Let me be clear, the looting and property damage that used peaceful protesters as a vehicle for greed and mayhem is deplorable.  Hard-working and honorable community members absorbed vicious damage by criminals intent on hijacking the peaceful movement for justice.  Nevertheless, the peaceful protesters deserve to be heard and not have criminals and anarchists co-opt the protestors’ impassioned call to action.

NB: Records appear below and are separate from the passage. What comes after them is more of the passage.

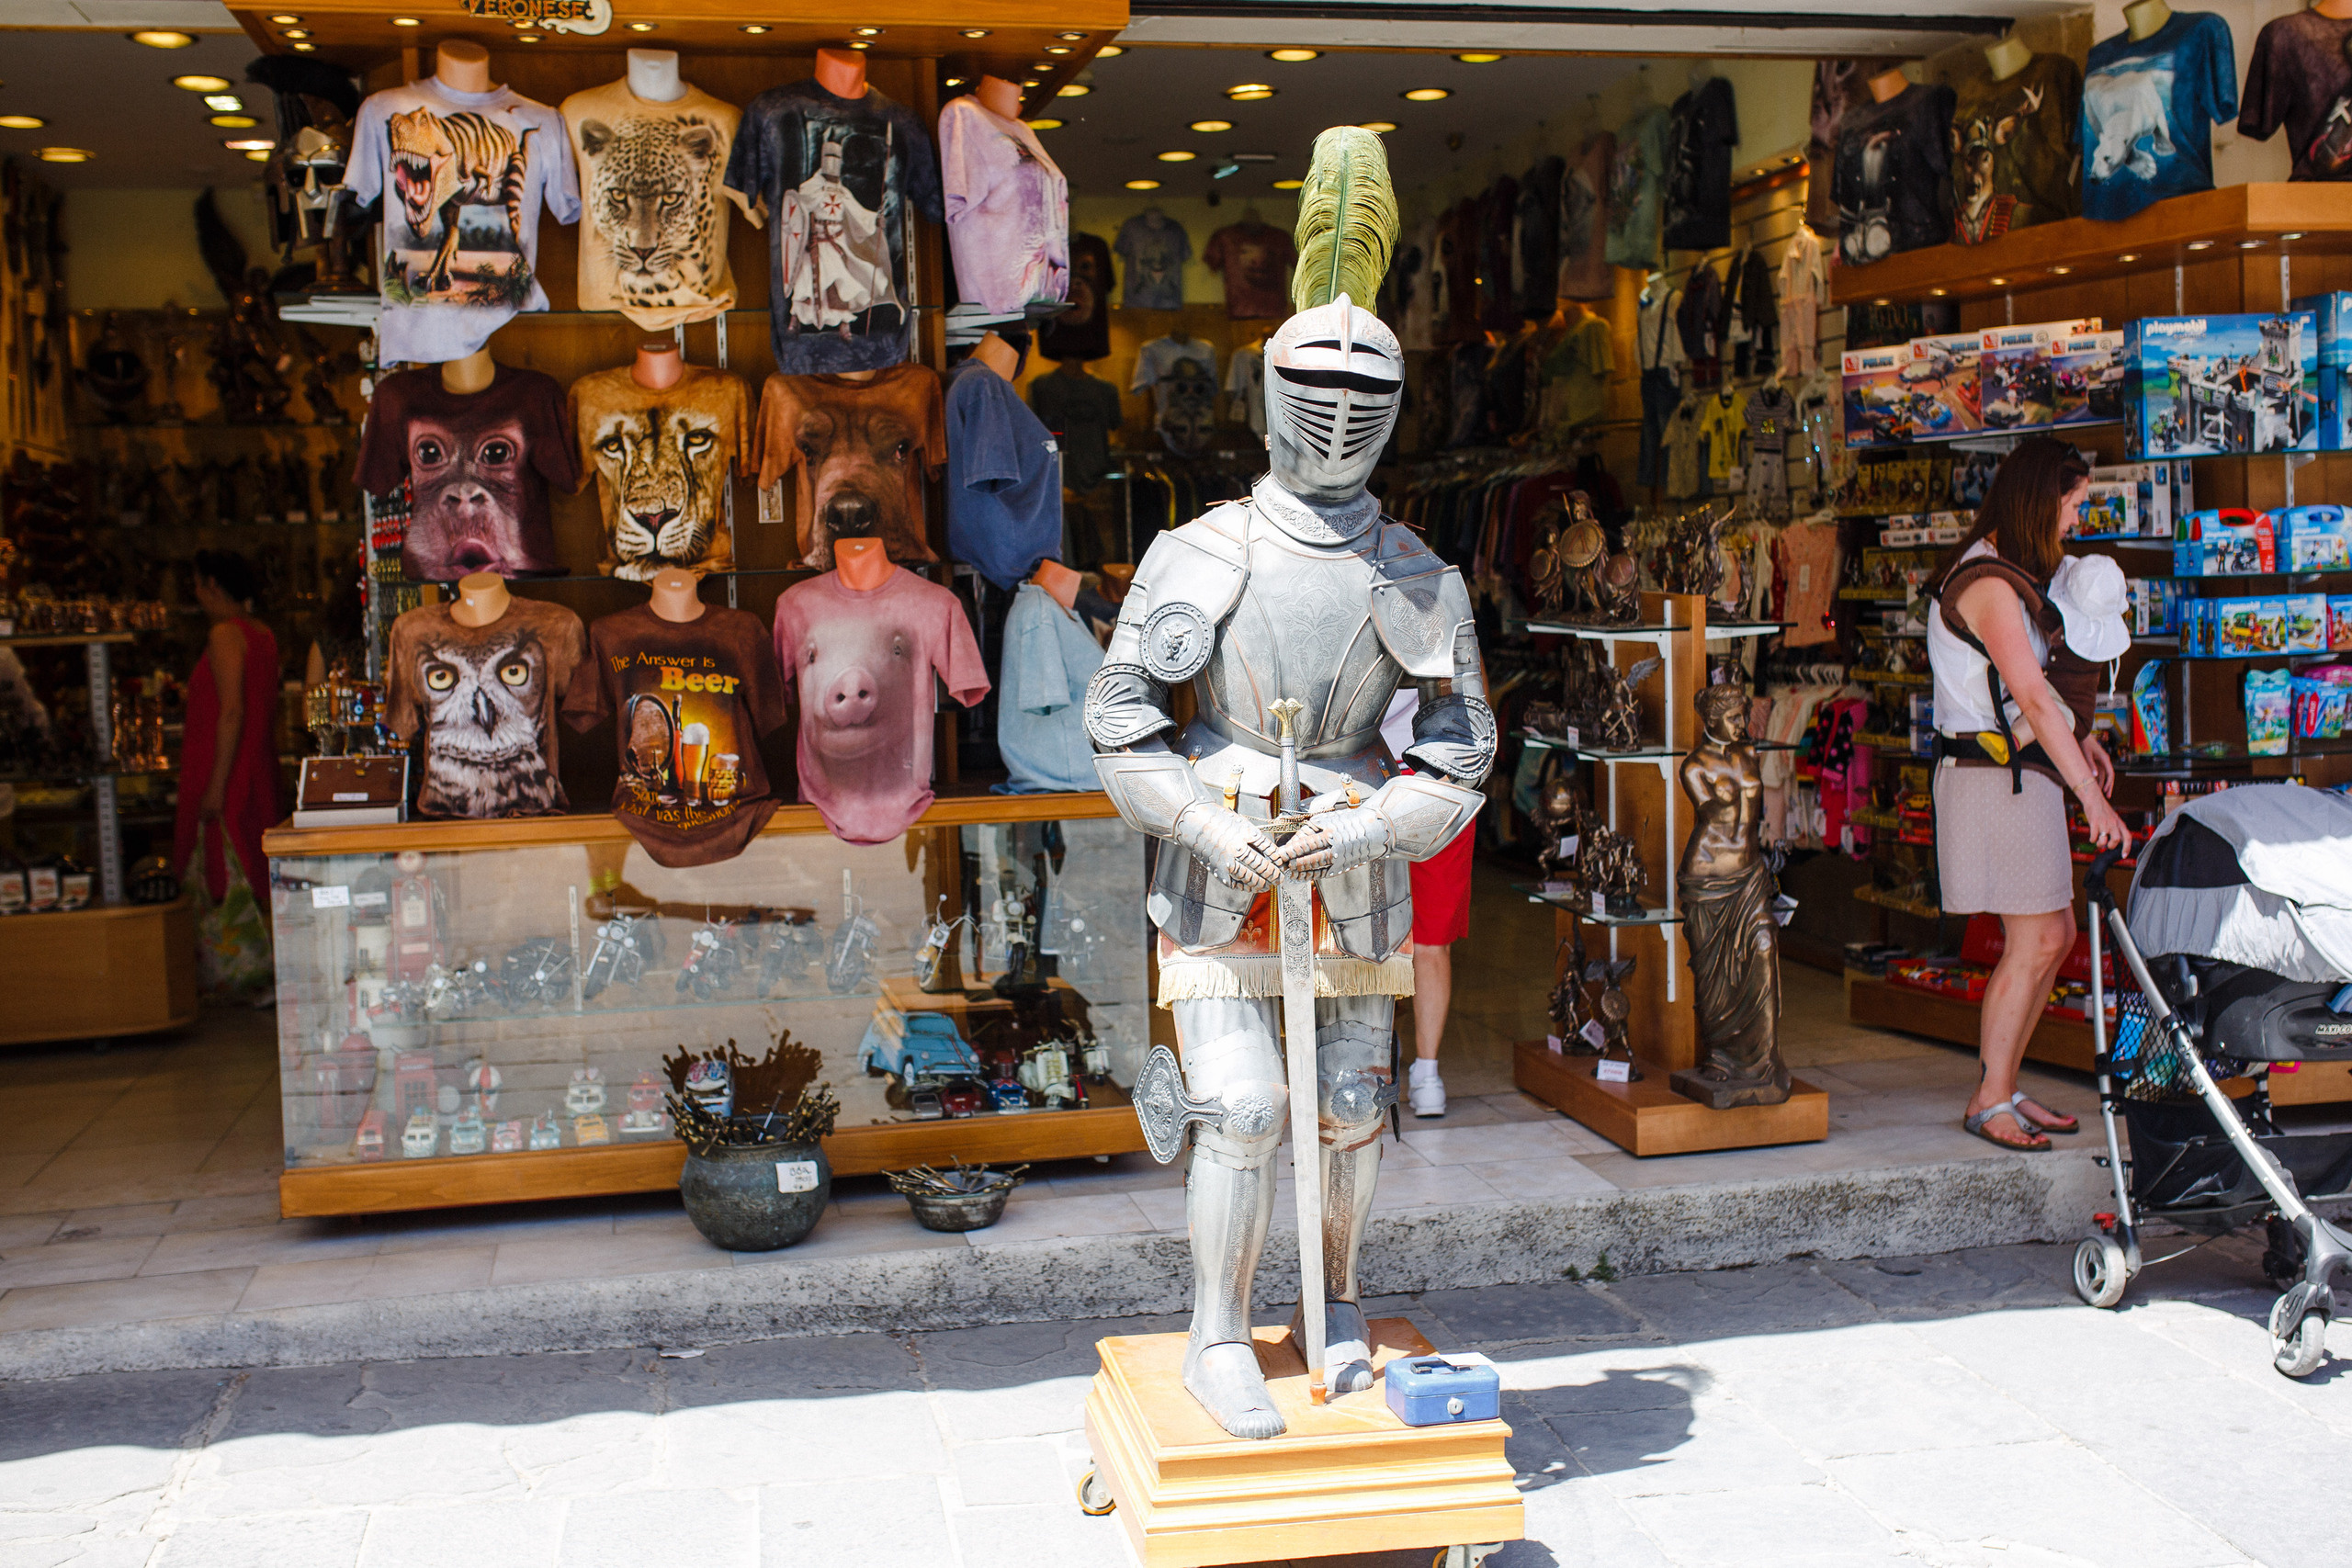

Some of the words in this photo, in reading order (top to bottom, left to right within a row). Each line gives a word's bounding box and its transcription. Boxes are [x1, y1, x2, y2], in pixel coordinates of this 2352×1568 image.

[469, 0, 585, 20] VERONESE
[2145, 318, 2207, 337] playmobil
[610, 655, 629, 673] The
[637, 651, 696, 667] Answer
[660, 666, 740, 694] Beer

West Hollywood must answer the call.  Some may question if racial justice is relevant for a city that has a disproportionately low population of racial minorities compared to greater Los Angeles.  It is. The city smartly markets itself as the heart of Los Angeles, which beautifully illustrates our values of equality, progressivism, and love as well as a nod to our extraordinary geography.  We enjoy a robust economy that is supported by a diverse workforce and consumer base.  Our entertainment, hospitality, retail, and other pulsating business sectors are not monochromatic – and are largely rooted in the contributions of diverse cultures. There are risks of avoiding the call to action – and it is not limited to traffic jams.  The risk is moral bankruptcy, which will erode our capacity to flourish.  West Hollywood must join this movement.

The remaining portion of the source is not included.